Önce zihin temizliği… Zihinler temiz olmadan, davranışlar, fiiller, sözler, icraatlar temiz olamaz.

Zihin, öncelikle günahlar, hatalar, yanlış algılar, yanlış yönlendirmeler ve kötülüklerle kirlenir. İşlenen her bir günah, her yanlış yönlendirme ve her kötülük o kişide  mutlaka bir iz bırakır. Ve alt kademelere de yansır.  İnsan ilk merhalede böyle bir zihin kirlenmesinin farkına varmamış olsa da, zamanla onun görüntüleri; okulunda, iş yerinde, kurumunda ve en önemlisi de gönlünde ve duygularında yer etmeye başlar.
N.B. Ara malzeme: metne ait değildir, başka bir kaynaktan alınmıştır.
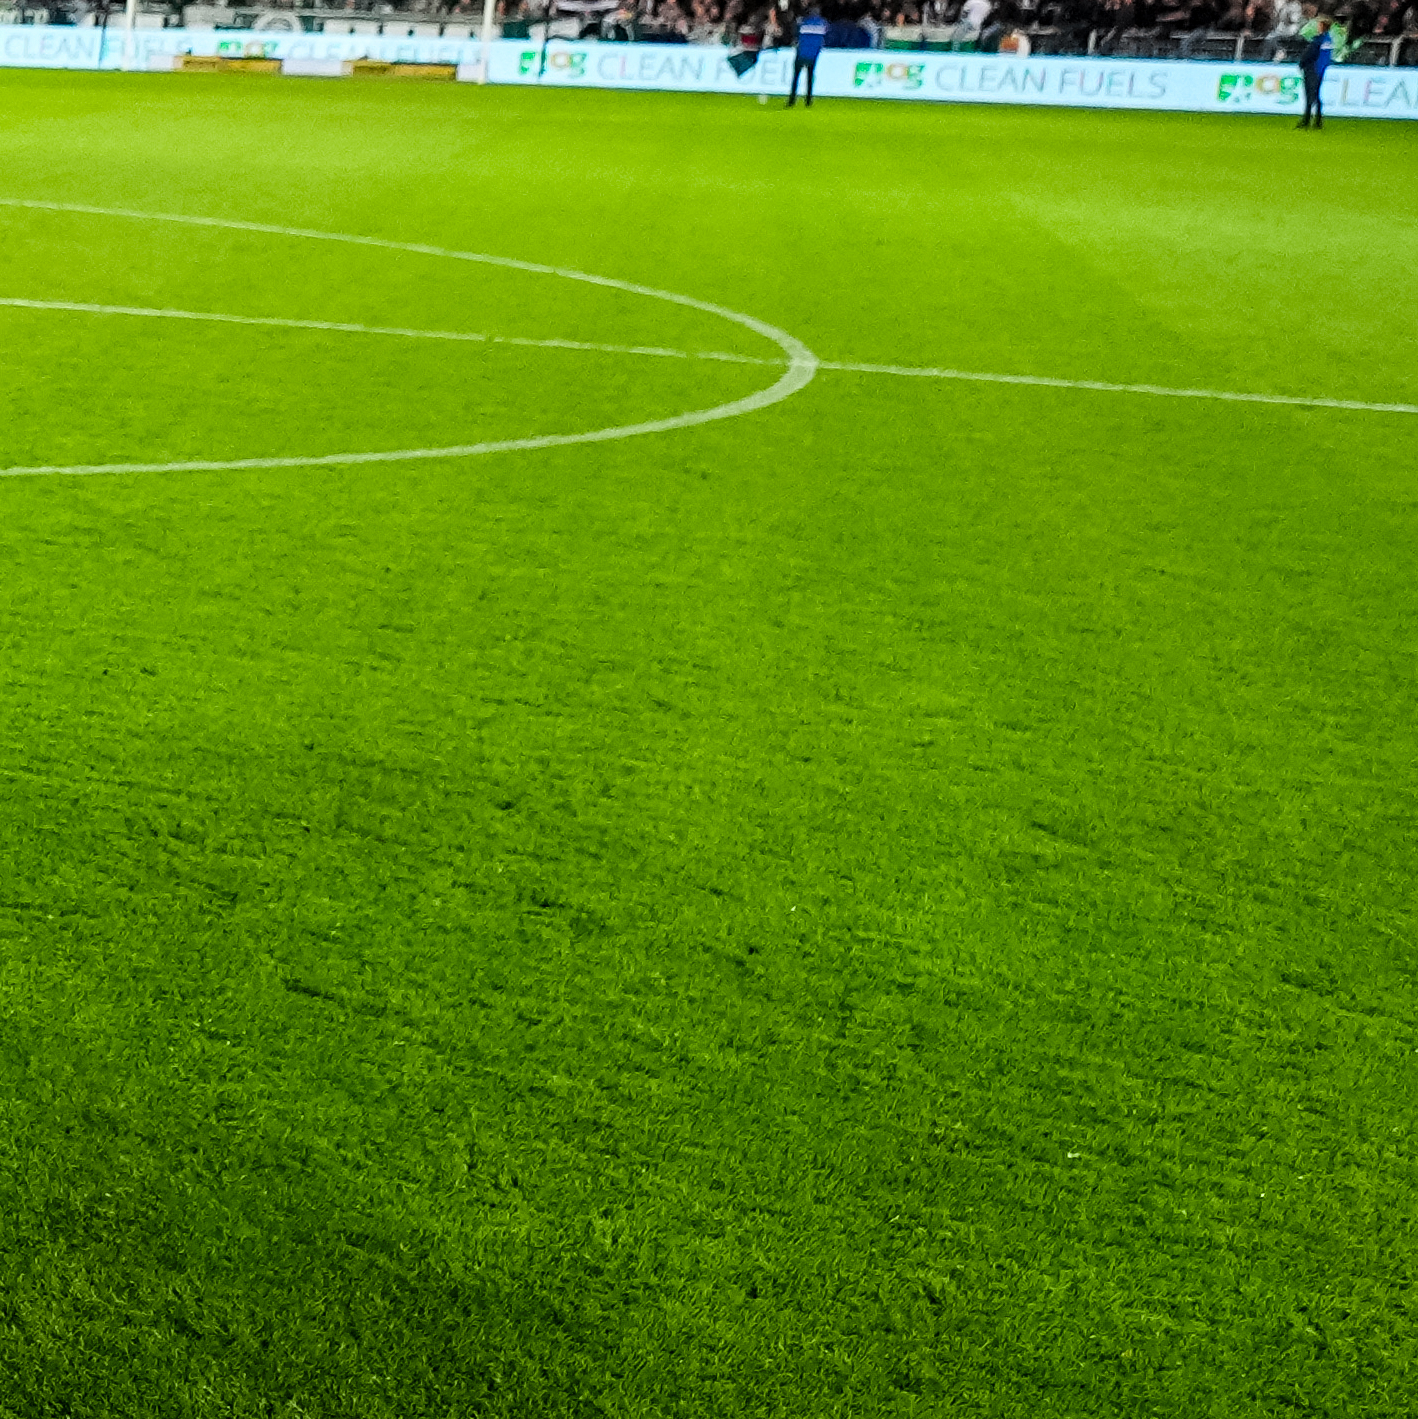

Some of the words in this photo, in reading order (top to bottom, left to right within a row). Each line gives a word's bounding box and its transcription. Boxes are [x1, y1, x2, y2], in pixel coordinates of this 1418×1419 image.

[596, 52, 704, 82] CLEAN
[934, 62, 1047, 93] CLEAN
[1060, 67, 1169, 100] FUELS
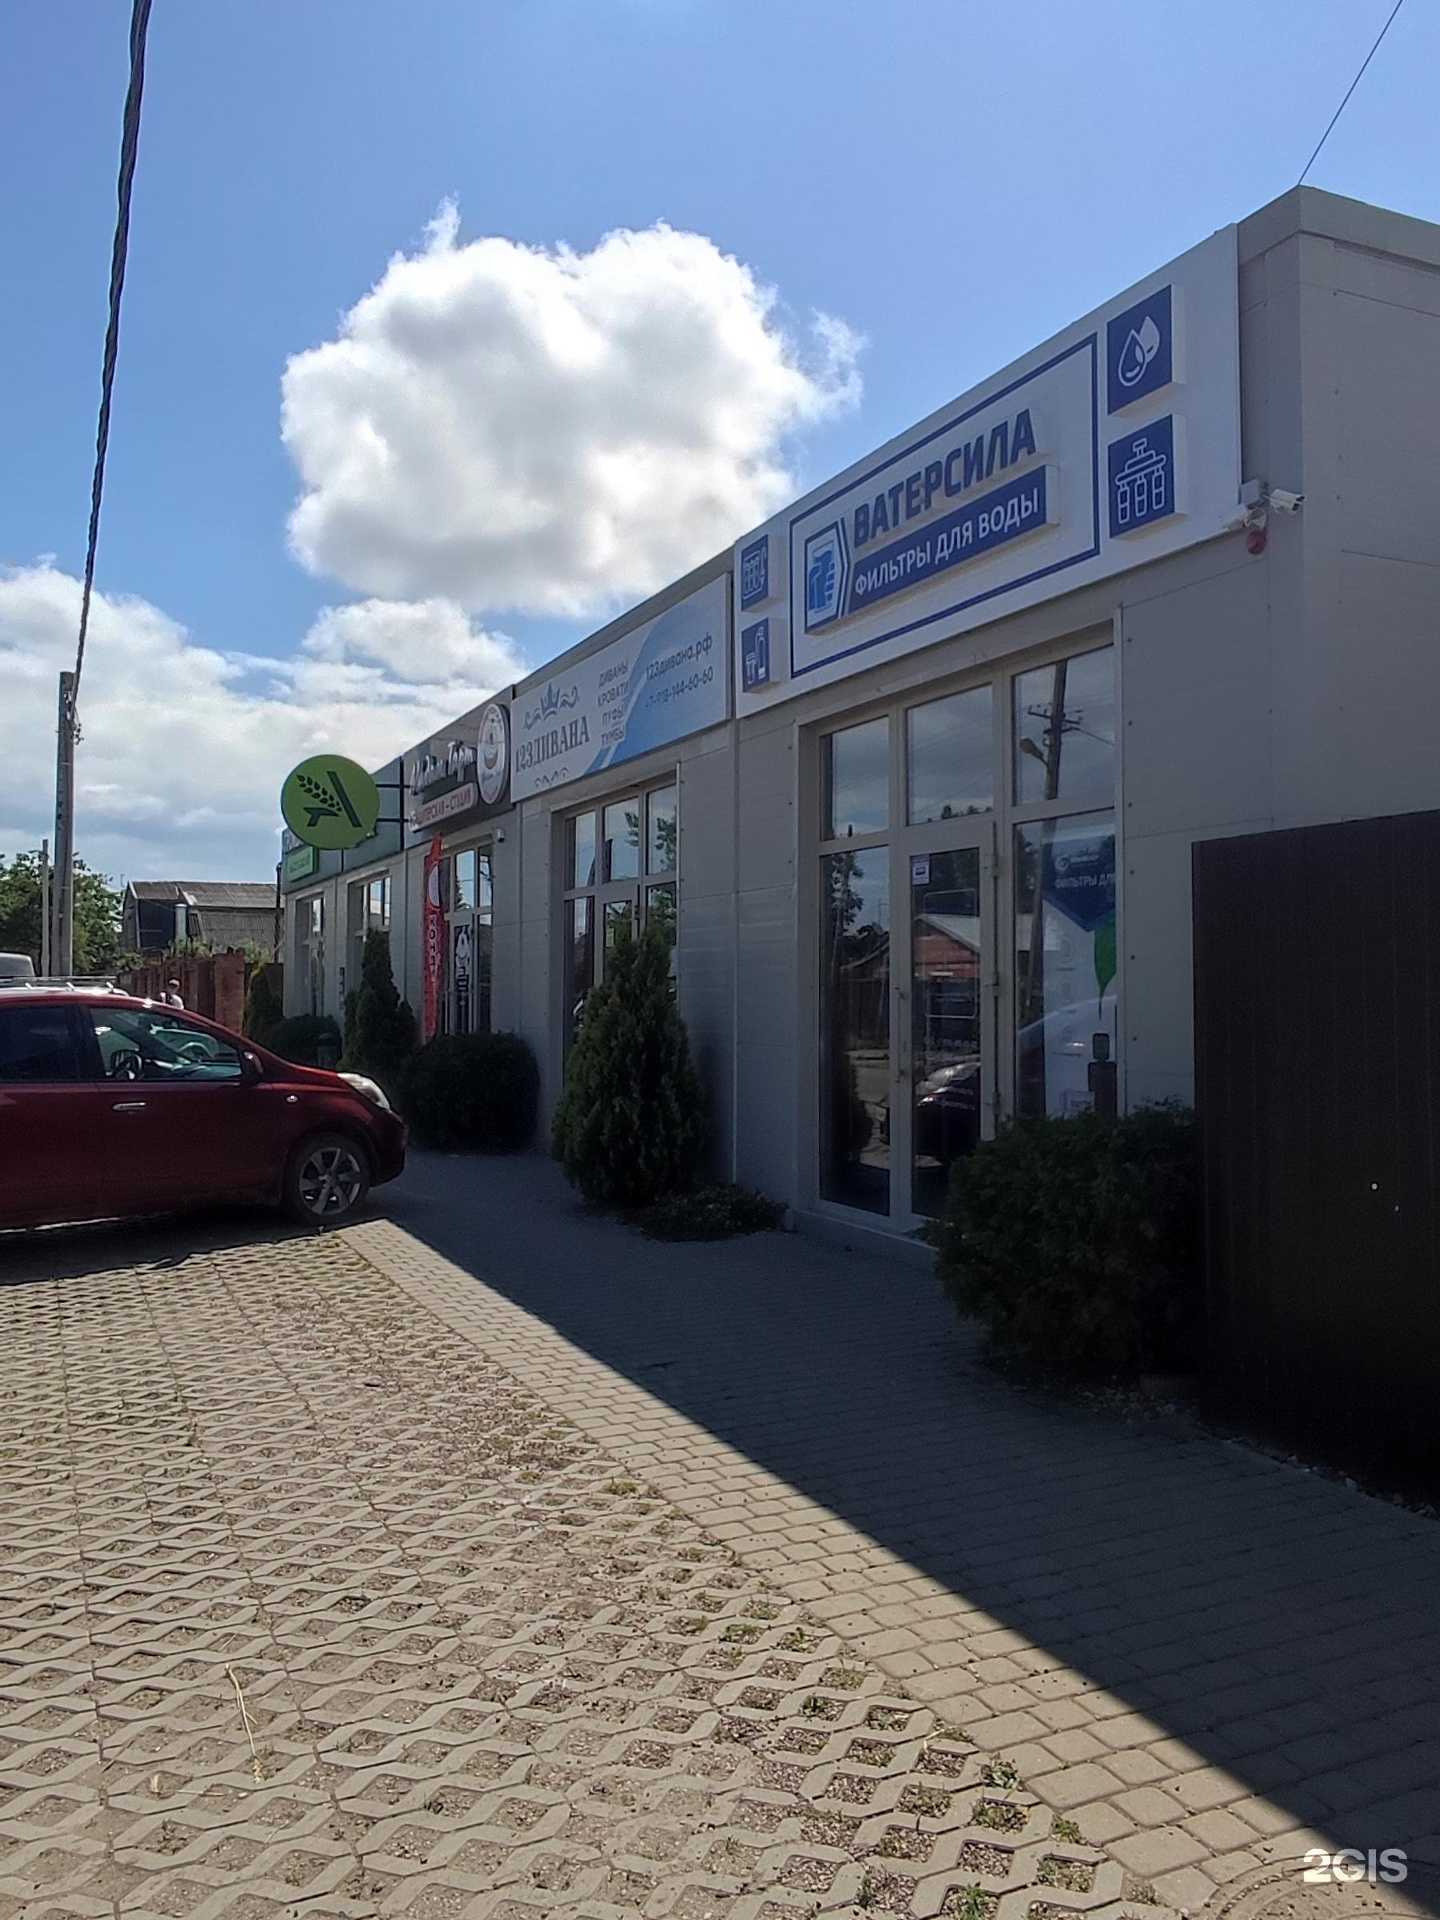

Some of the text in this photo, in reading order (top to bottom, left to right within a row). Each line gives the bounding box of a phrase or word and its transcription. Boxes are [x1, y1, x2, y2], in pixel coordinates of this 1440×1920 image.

[854, 408, 1037, 549] ВАТЕРСИЛА
[855, 487, 1039, 597] ФИЛЬТРЫ ДЛЯ ВОДЫ
Böyle bir kirlenme, hayırlı ve faydalı işlere devam etme arzusunu kırar, sadece ve sadece rantı ve makamını düşünür. Böylece sâlih amellere karşı süreklilik isteğini azaltır ve beş-on kuruş uğruna gençliğin geleceğini heba etmekten çekinmeden maneviyatta kör olan gözlere iyi görünmek ister.

Evet, günümüzün insanları böylesine zihin kirliliği gibi bir ârızaya mâruzlar ve bu yönüyle de bahtsız sayılırlar.

Maddî göz, maneviyat âleminde kördür. Biz; ancak kalbimizle varlığı anlamlandırabilecek şekilde açık seçik görebiliriz. Hiç bir anlam göz ile görülmez.

Bugün, günlük hayatta zihin kirlenmesine maruz kaldığımız bir gerçektir. İşte bu zihin kirlenmeleri dinî hayatımızı etkiliyor, hayal kirlenmesine neden oluyor.

Kalbimizle ve Kur’ânî bakışla hayatımızı rotasına sokabiliriz.

Basiret Gözü”, kalbin, aklın ve gözün ulaşamayacağı uzaklıklara, gerçeklere ulaşır.

Ey yöneticiler, öğretmenler, kalbinizi fuzûlî ve boş işlerle yormayın. Okulunuzu, size emanet edilen öğrencilerinizi, salonlarınızı, programlarınızı, enerjinizi, etkinliklerinizi, tiyatrolarınızı, hasılı tüm faaliyetlerinizi Allah ve Resulüne, onların nurlu hakikatlerine teslim ediniz.

Yoksa vebaliniz büyük, hesabınız azimdir!